God loves me. I could breath again. And just in time to hear my brother yell that the next waterfall was coming and to plug my nose.

Eff my life.

What nose? I didn't even have time to touch it before I was plunged and pinned underwater again.

How is this fun?! I think I made a lot of promises I knew I wouldn't be able to keep while I was swirling around in the crevices of water-darkness. Now I know what toilet paper feels like when it's flushed. So not pleasant.

I found the surface again and just before the third waterfall. I did not fall off a watermelon truck yesterday. There was no way in hell I was tumbling over a third one.

The ravage woman-survivor in me reared up and clawed my way out of the path of the most heavy current and to big rocks, cutting in front of a fellow tuber who did not appreciate me interrupting his ride. Dude, I'm sorry. I've escaped death three times today. I'm no fool.

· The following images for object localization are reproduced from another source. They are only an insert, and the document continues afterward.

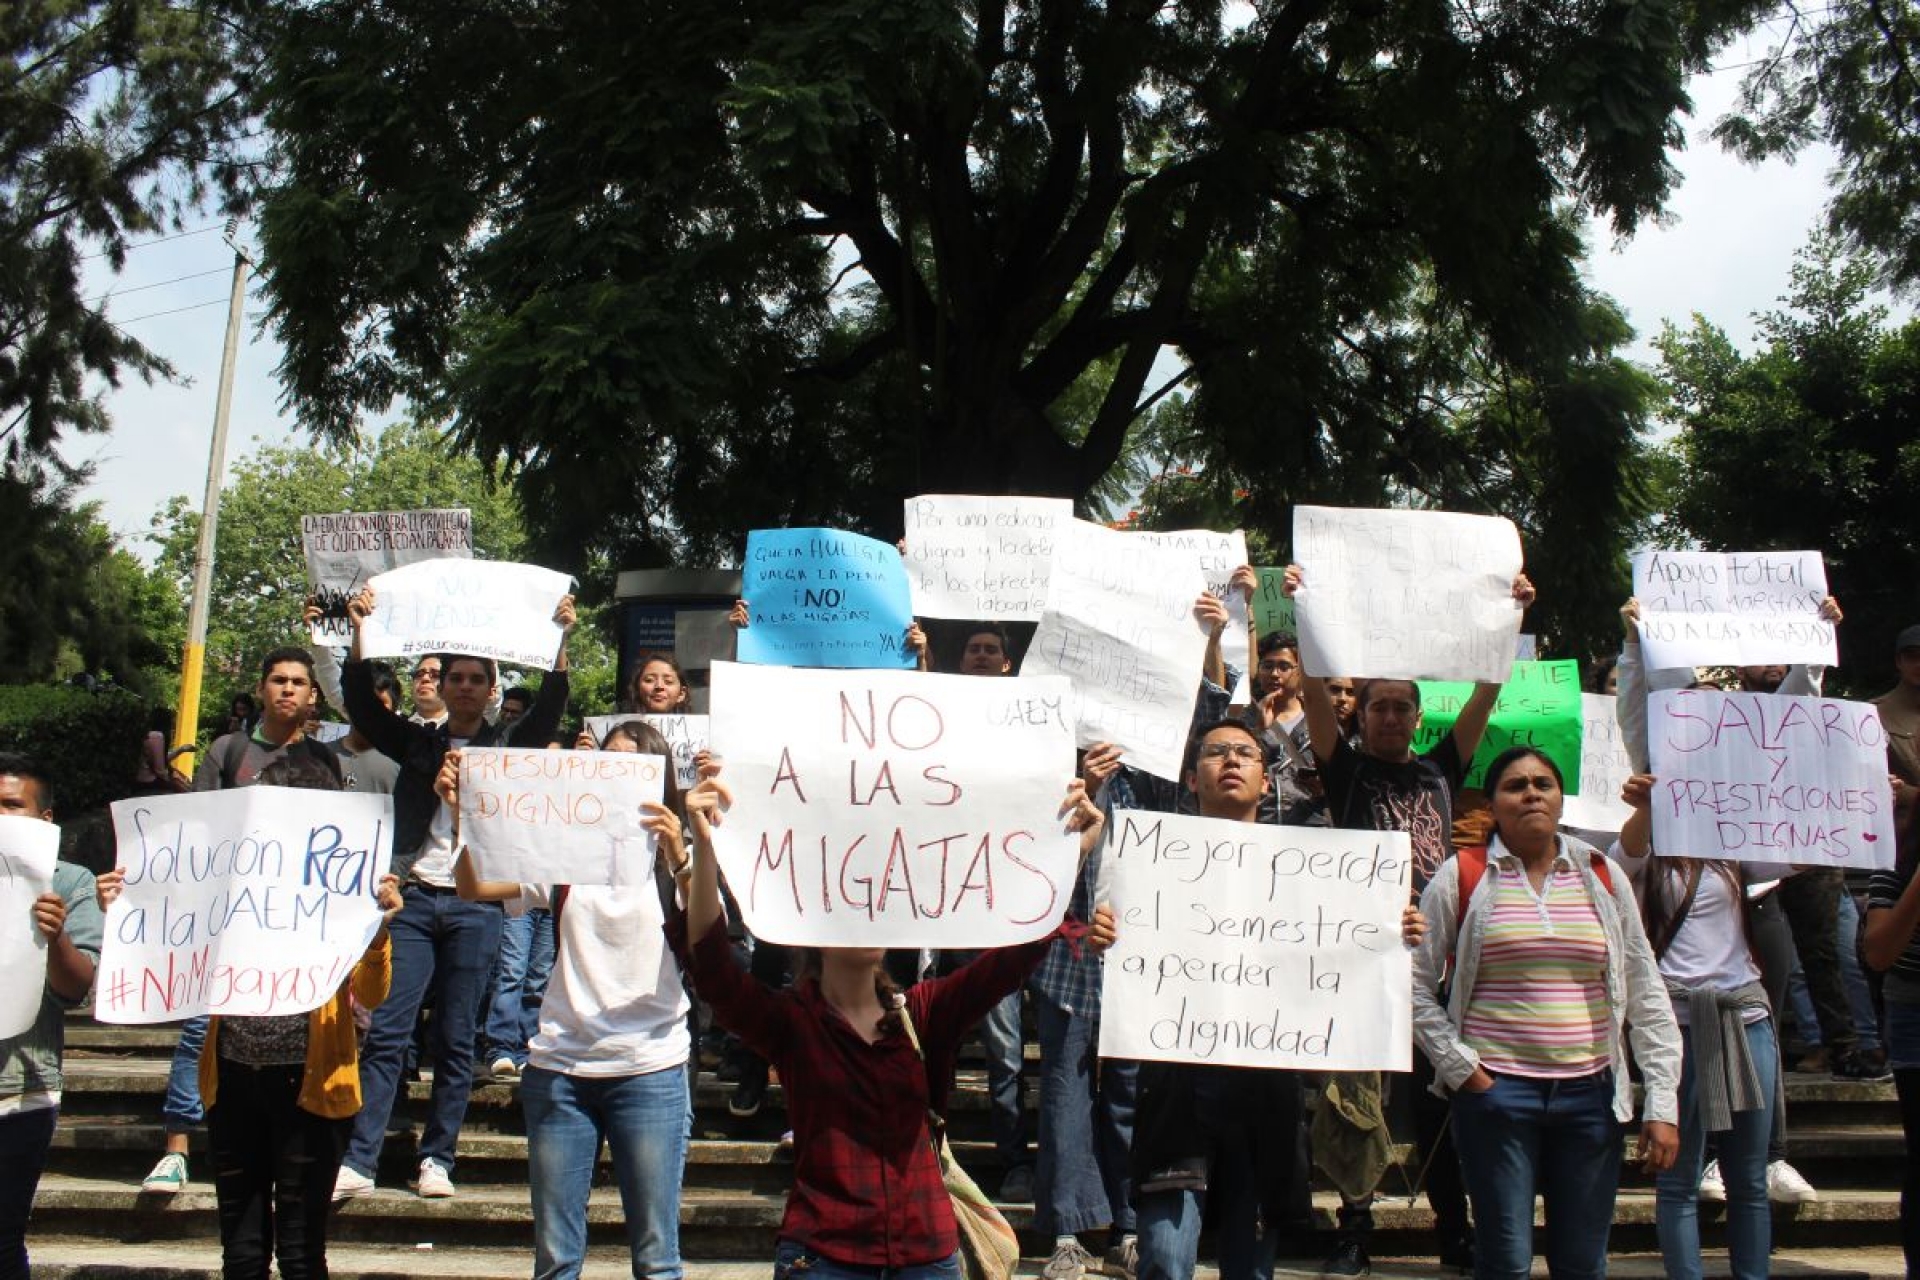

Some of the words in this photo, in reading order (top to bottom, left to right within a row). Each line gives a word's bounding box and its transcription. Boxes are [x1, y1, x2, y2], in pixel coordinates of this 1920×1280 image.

[956, 512, 988, 527] una
[314, 534, 329, 551] DE
[332, 532, 382, 552] QUIENES
[978, 546, 991, 563] y
[1206, 537, 1231, 551] LA
[759, 569, 807, 582] VALGA
[818, 569, 838, 581] LA
[1647, 553, 1719, 596] Apoyo
[1727, 556, 1804, 587] total
[756, 614, 766, 625] A
[770, 612, 796, 624] LAS
[804, 610, 870, 624] MIGAJAS
[1649, 596, 1669, 613] a
[1644, 620, 1676, 642] NO
[1705, 620, 1741, 641] LAS
[837, 688, 946, 752] NO
[986, 696, 1070, 733] UAEM
[1664, 690, 1882, 753] SALARIO
[464, 752, 660, 785] PRESUPUESTO
[770, 746, 807, 804] A
[849, 759, 963, 806] LAS
[1766, 755, 1789, 783] Y
[475, 791, 605, 825] DIGNO
[1666, 778, 1879, 818] PRESTACIONES
[1716, 819, 1851, 858] DIGNAS
[303, 818, 382, 900] Real
[750, 826, 1057, 925] MIGAJAS
[1117, 817, 1256, 884] Mejor
[1268, 843, 1411, 902] perder
[118, 906, 146, 946] a
[162, 895, 195, 947] la
[1124, 890, 1161, 931] el
[1308, 954, 1341, 994] la
[1149, 996, 1335, 1059] dignidad

And then, while I'm on my hands and knees, completely not caring if the people in front of me were getting a full view of the girls, crawling my way out of the water and muttering, "That was not fun, that was not fun," I realized: You are not brave. You are a little bit of a pussy.

I did not go down the waterfalls again. Instead, I nursed my wounds (seen here):


and threatened to go find one of the little paramedics on four-wheelers for a first aid kit. I was advised not to do that, for the sake of honor.

I stared death in its watery eye, folks.

I lived. Limping, but surviving.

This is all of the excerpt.